Of course everything that you say about the history behind Jefferson and
Columbus is true, and good to know, but none of it invalidates what they
did that makes us remember them. Hundreds, thousands of southern
landowners owned slaves, bought and sold them and sometimes slept with
them, but only one wrote the Declaration of Independence.  Hundreds of
lunatics set off in little wooden tubs to cross oceans, sail around the
tips of Cape Horn and the Cape of Good Hope (delightful euphemism), get
ice bound in the northern Atlantic looking for a northern route to
China, and certainly many killed, raped and infected the natives.  Most
of their names have been lost. We honor Columbus, not because he was a
good man or even because he was the best of the explorers who came to
the shores of America, but because we happen to have his story.

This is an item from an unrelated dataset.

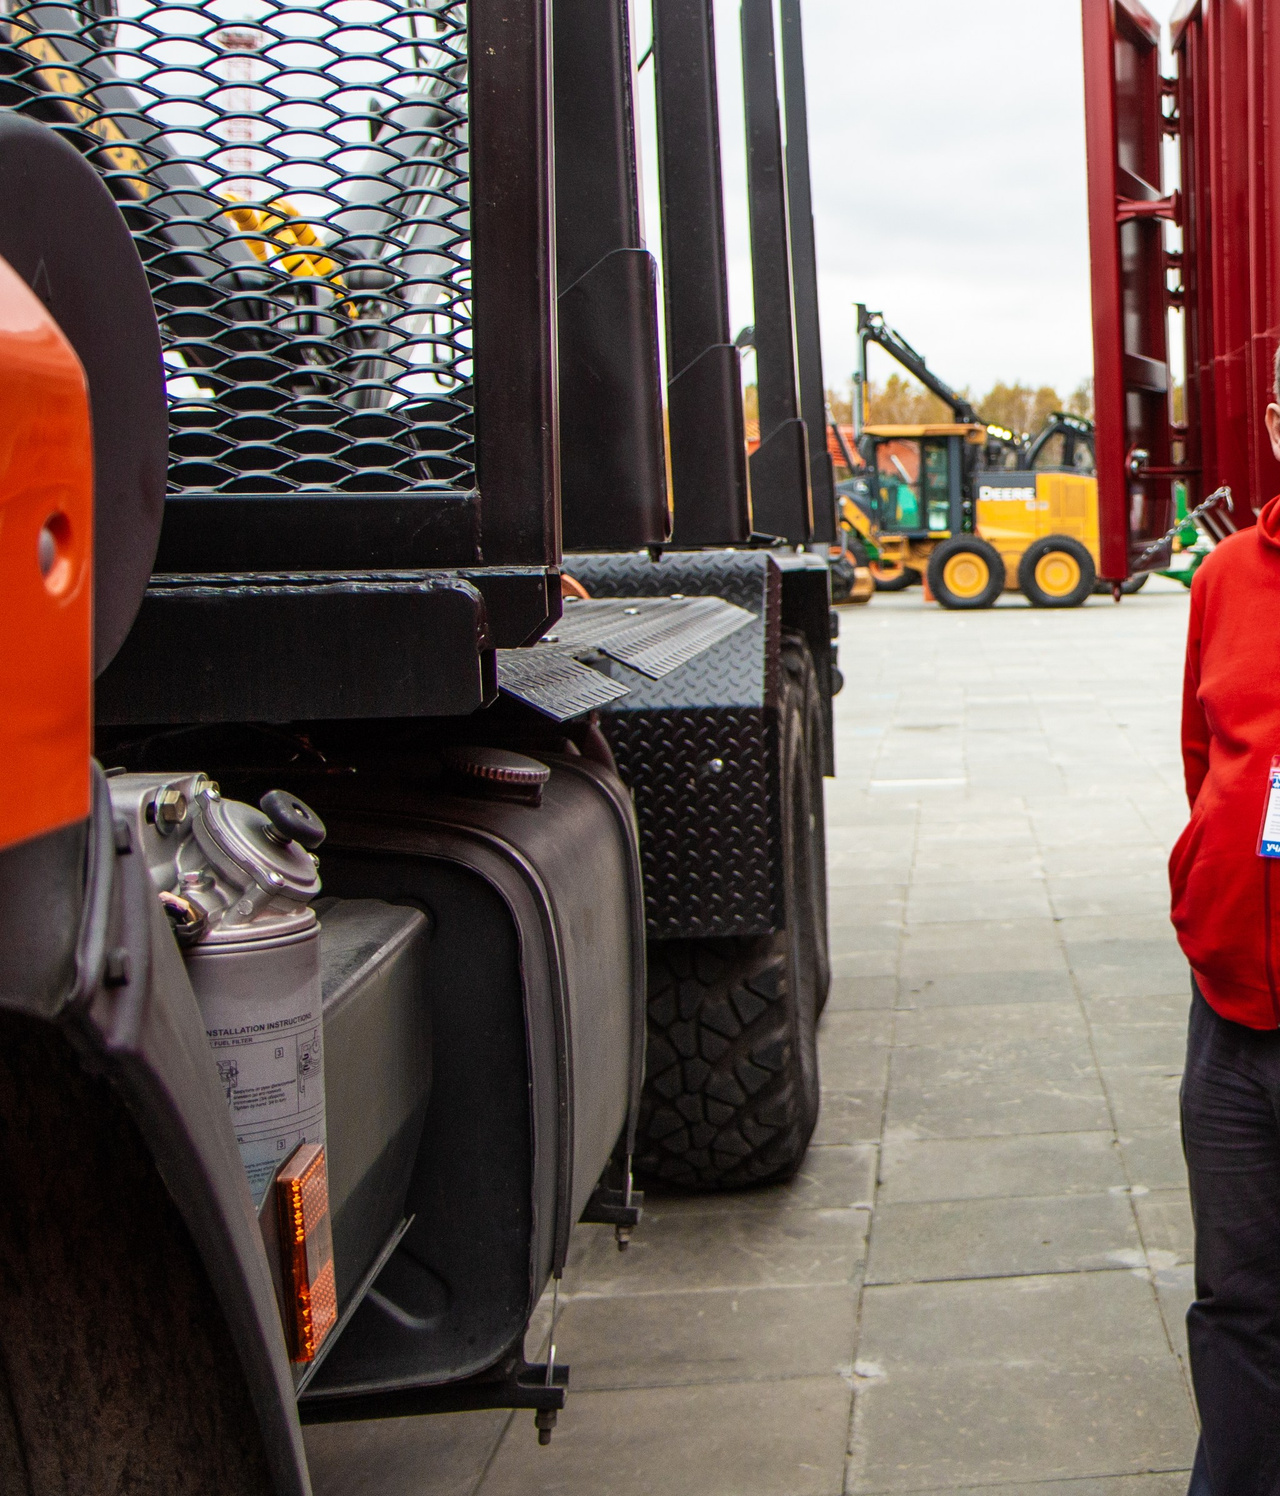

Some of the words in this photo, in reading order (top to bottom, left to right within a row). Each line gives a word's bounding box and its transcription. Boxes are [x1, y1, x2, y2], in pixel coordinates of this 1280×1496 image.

Because some landowners raped their slaves, should we disavow
Jefferson?  Because exploration opened the door to colonization, shall
we disavow our explorers?

I'm concerned because I see a generation of children growing to
adulthood without heroes. The trouble is, since kids have to have
heroes, when thoughtful adults don't offer them appropriate heroes, they
pick bad ones, like M and M. We connect with our children at a profound
level when we share our heroes with them. My Dad's hero was Abraham
Lincoln. Watching the recent program on Lincoln on PBS, I'm sharing
something wonderful with my Dad, who's been gone a long time, but who
was there with me in my mind. Whether you care or not that Lincoln
"saved the union," he bore a level of suffering that is truly astounding
and bore it for a very long time.  Though he tottered under the weight
of it, he never fell.

The many faults of heroes like Lincoln, Jefferson and Columbus do not
detract in the slightest from what they did that makes us remember them
any more than Babe Ruth's drinking and misbehavior take points off his
home run record.

There are heroes in the realms of moral choice, Gandhi, Martin Luther
King, Raoul Wallenberg, Mohammed Ali, the great religious leaders.  We
don't scorn them because they couldn't play baseball.